Romjakten — a 1999 game, ported to Godot
wipA from-scratch Godot 4 port of a Norwegian educational space-strategy game originally built in Macromedia Director 6. Playable in your browser, downloadable for Windows, Linux and Android.
Romjakten is the Norwegian localization of the Swedish educational game Rymdjakten (“The Space Hunt”), originally developed by Monsterland Produktion AB and published by Levende Bøker / Kunnskapsforlaget in 1999. You played a space program manager piecing together an alien probe by recovering its parts from across the solar system.
The game was built in Macromedia Director 6 for Windows 95/98 and Mac OS 7-9. It’s been unplayable on modern hardware for a long time — the original runs at 800×600 in 16-bit color, hits virtual-memory limits on contemporary Windows, and the Mac version targets PowerPC. So I’m porting it.
Web build runs entirely client-side via Godot's HTML5 export — no server-side processing. open full-screen ↗
Downloads
Choose your platform:
What’s in the port
- 7 autoloads (Lingo compatibility, game data, sound, sprites, interface)
- Building system — 7 building subclasses (rocket, vehicle, astronaut, space station, ship, probe, research)
- 6 puzzle minigames — moon lander, satellite communication, asteroid steering, orbits, aerobraking, alien decoder
- Full launch system — per-rocket animations, flight simulation, crew workflow
- Observatory — project overview, narrator, easter eggs, milestone flow
- Space map — three zoom levels, planet interactions, orbital buildings, in-flight probes
- Win/lose conditions — interstellar ship launch (win), alien power depletion (lose)
- 24 automated tests with Python snapshots and Godot headless mode

The reverse engineering side
Most of the work isn’t in the engine port — it’s in pulling assets out of Director 6’s binary formats. The repo includes custom Python tooling for:
- Bitmap extraction — 3,716 PNGs, recovered with the right palette and per-sprite transparency.
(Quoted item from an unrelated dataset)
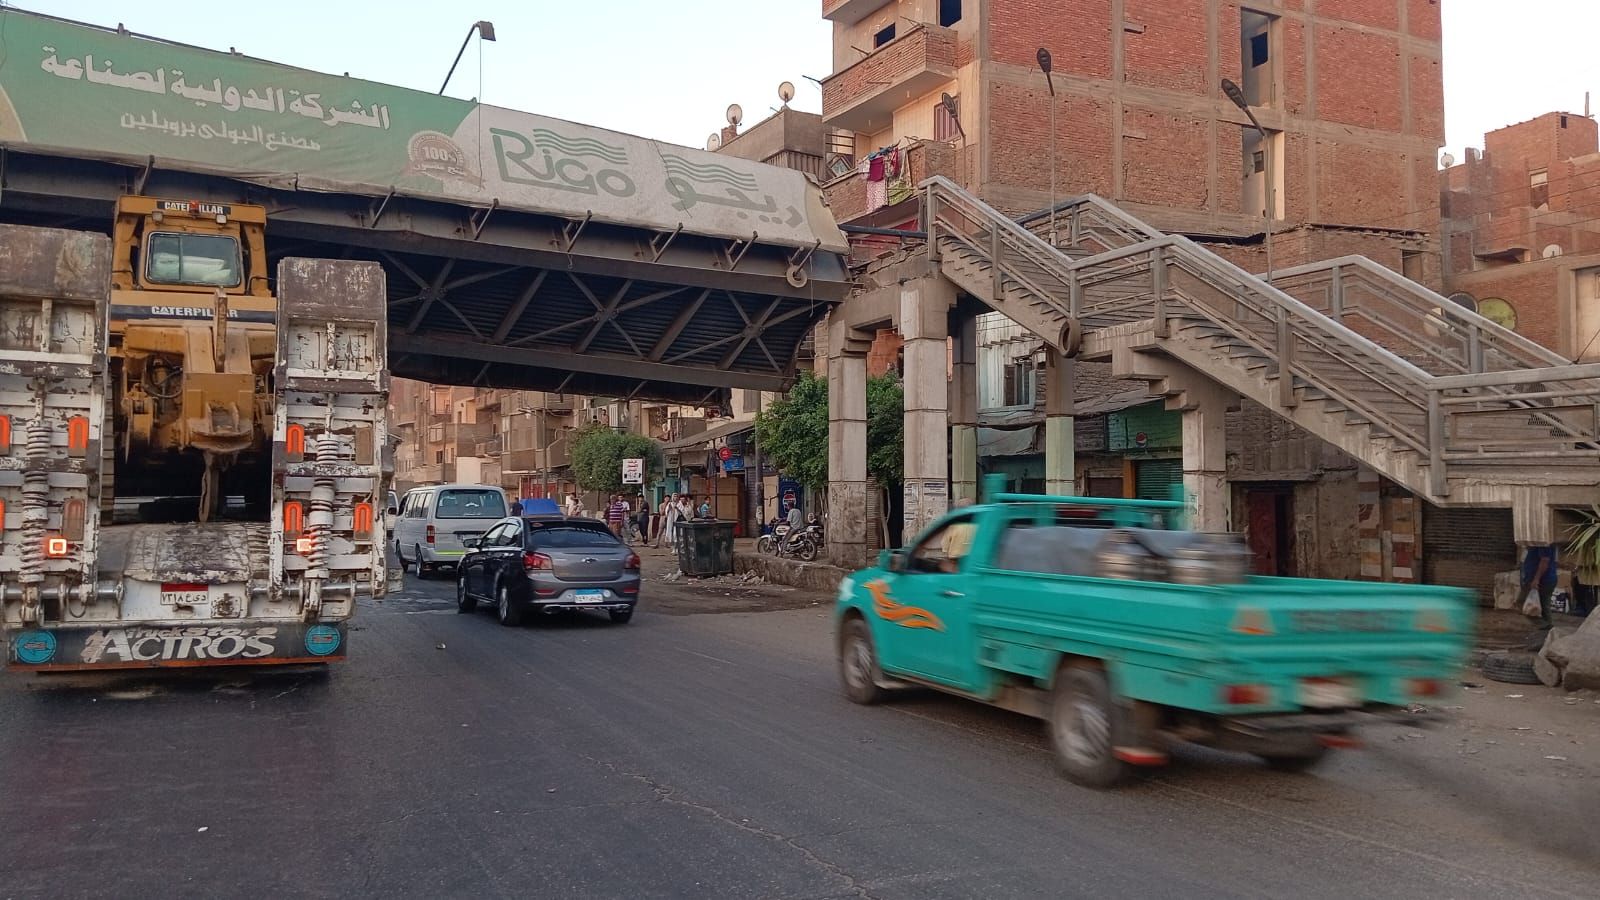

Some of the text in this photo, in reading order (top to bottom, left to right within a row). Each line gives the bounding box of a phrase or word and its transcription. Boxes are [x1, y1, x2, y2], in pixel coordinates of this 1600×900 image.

Director uses a custom 256-color palette embedded in CLUT chunks, which I extract separately.
- STXT text parsing — 103 JSON files containing all in-game strings and game data, parsed from Director’s text member format.
- Audio extraction — 1,984 WAV files indexed by their original member name.
- Smacker video conversion — 5 cutscenes converted from
.smkto.ogv.
Along the way I found a handful of Director 6 format quirks that aren’t
documented in ScummVM’s Director engine —
notably the D5+ CASt field order (castType + castInfoSize + castDataSize,
INFO first, DATA second), opposite of D4. These findings are preserved in the
project’s scummvm-patches.diff for a potential upstream contribution.
Status
Nearly complete — the game is fully playable end-to-end. Remaining work is polish: a few edge-case animations, audio cue timing, and platform-specific input handling on Android (the original was a strict mouse-driven UI).